### [WHAT THE TASK REQUIRES]
Keeping pictures out of the copy, restate each record word for word.

### [DATA FOR THE TASK]
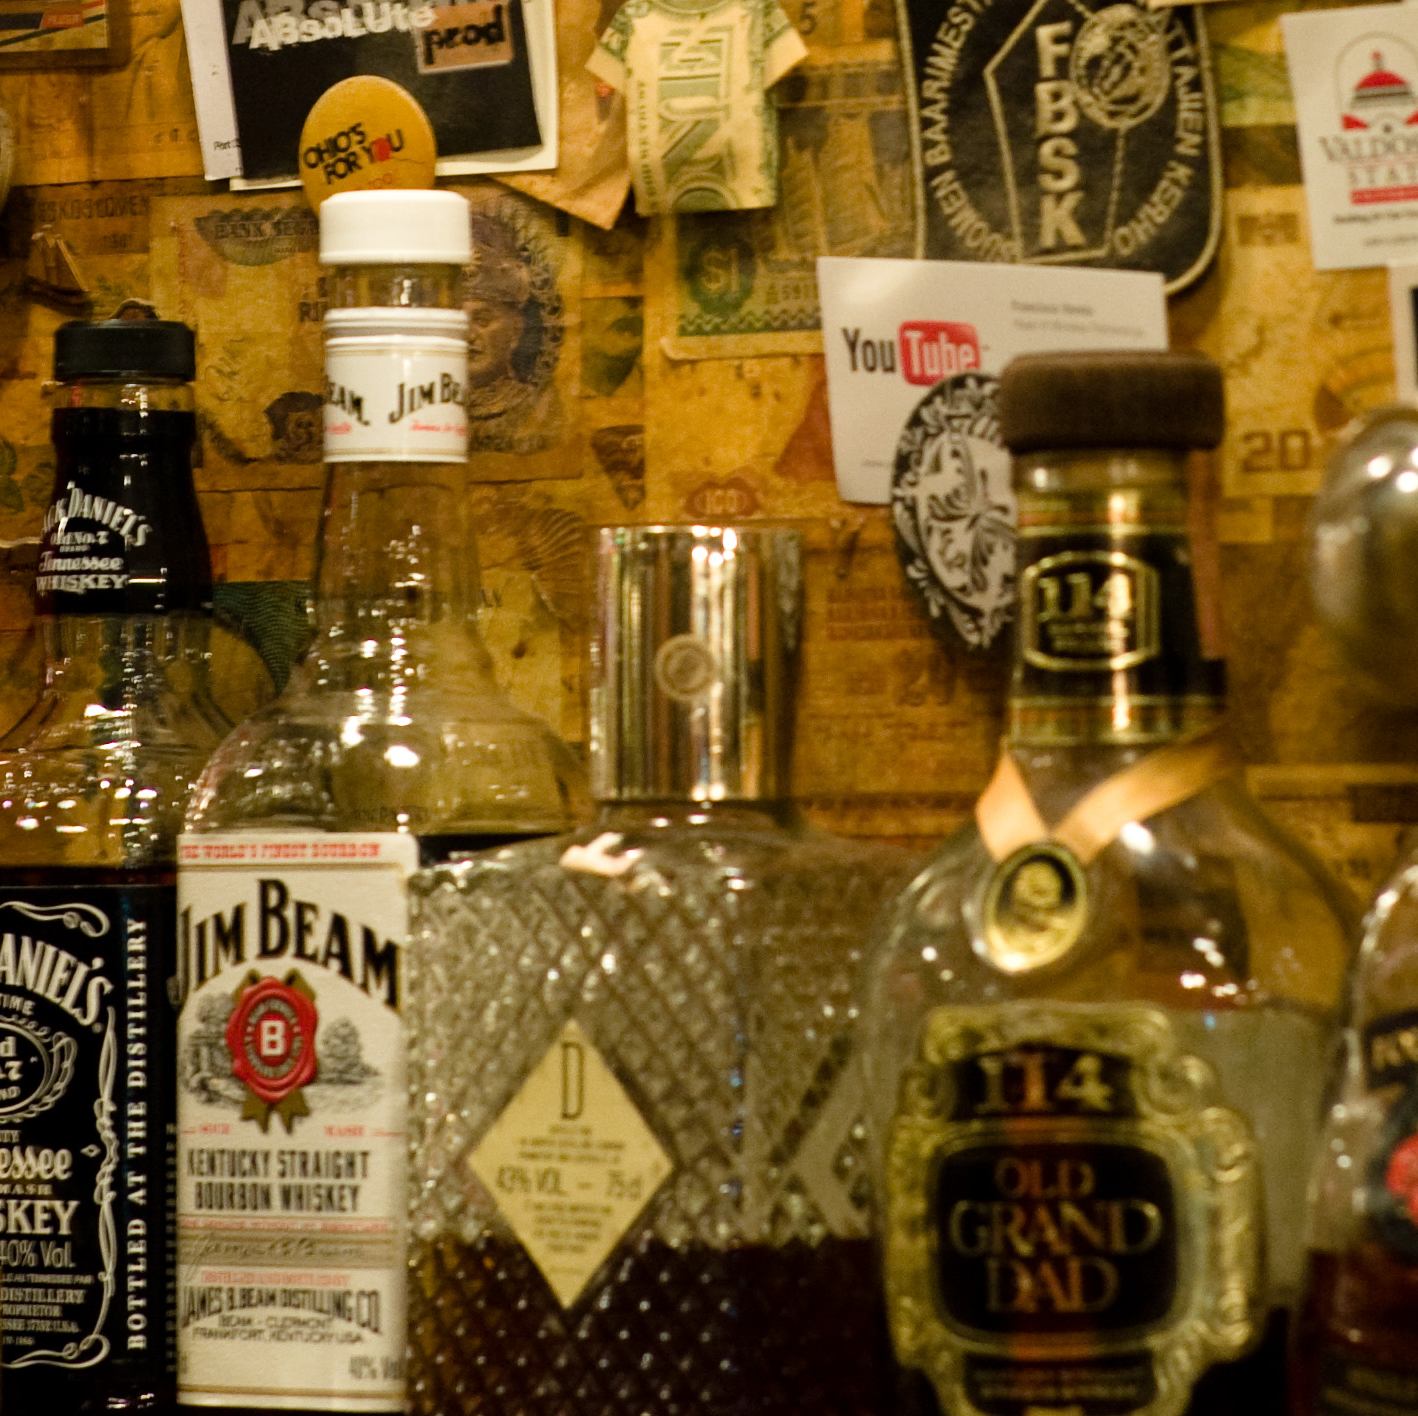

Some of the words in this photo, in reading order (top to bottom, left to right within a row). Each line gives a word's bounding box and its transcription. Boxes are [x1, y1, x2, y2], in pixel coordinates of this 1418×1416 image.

[322, 148, 362, 185] FOR
[1114, 160, 1195, 256] KERHO
[388, 380, 435, 425] JIM
[1240, 427, 1312, 475] 20
[35, 573, 130, 592] WHISKEY
[177, 901, 247, 1014] JIM
[256, 877, 401, 1017] BEAM
[126, 918, 149, 1088] DISTILLERY
[260, 1019, 286, 1058] B
[976, 1053, 1114, 1113] 114
[126, 1098, 149, 1156] THE
[187, 1147, 271, 1178] KENTUCKY
[277, 1149, 371, 1180] STRAIGHT
[994, 1157, 1097, 1200] OLD
[126, 1182, 149, 1210] AT
[278, 1183, 361, 1213] WHISKEY
[948, 1198, 1164, 1257] GRAND
[126, 1218, 149, 1352] BOTTLED
[985, 1255, 1120, 1314] DAD

### [RESPONSE TO THIS TASK]
Some of the words in this photo, in reading order (top to bottom, left to right within a row). Each line gives a word's bounding box and its transcription. Boxes are [x1, y1, x2, y2], in pixel coordinates of this 1418×1416 image.

[322, 148, 362, 185] FOR
[1114, 160, 1195, 256] KERHO
[388, 380, 435, 425] JIM
[1240, 427, 1312, 475] 20
[35, 573, 130, 592] WHISKEY
[177, 901, 247, 1014] JIM
[256, 877, 401, 1017] BEAM
[126, 918, 149, 1088] DISTILLERY
[260, 1019, 286, 1058] B
[976, 1053, 1114, 1113] 114
[126, 1098, 149, 1156] THE
[187, 1147, 271, 1178] KENTUCKY
[277, 1149, 371, 1180] STRAIGHT
[994, 1157, 1097, 1200] OLD
[126, 1182, 149, 1210] AT
[278, 1183, 361, 1213] WHISKEY
[948, 1198, 1164, 1257] GRAND
[126, 1218, 149, 1352] BOTTLED
[985, 1255, 1120, 1314] DAD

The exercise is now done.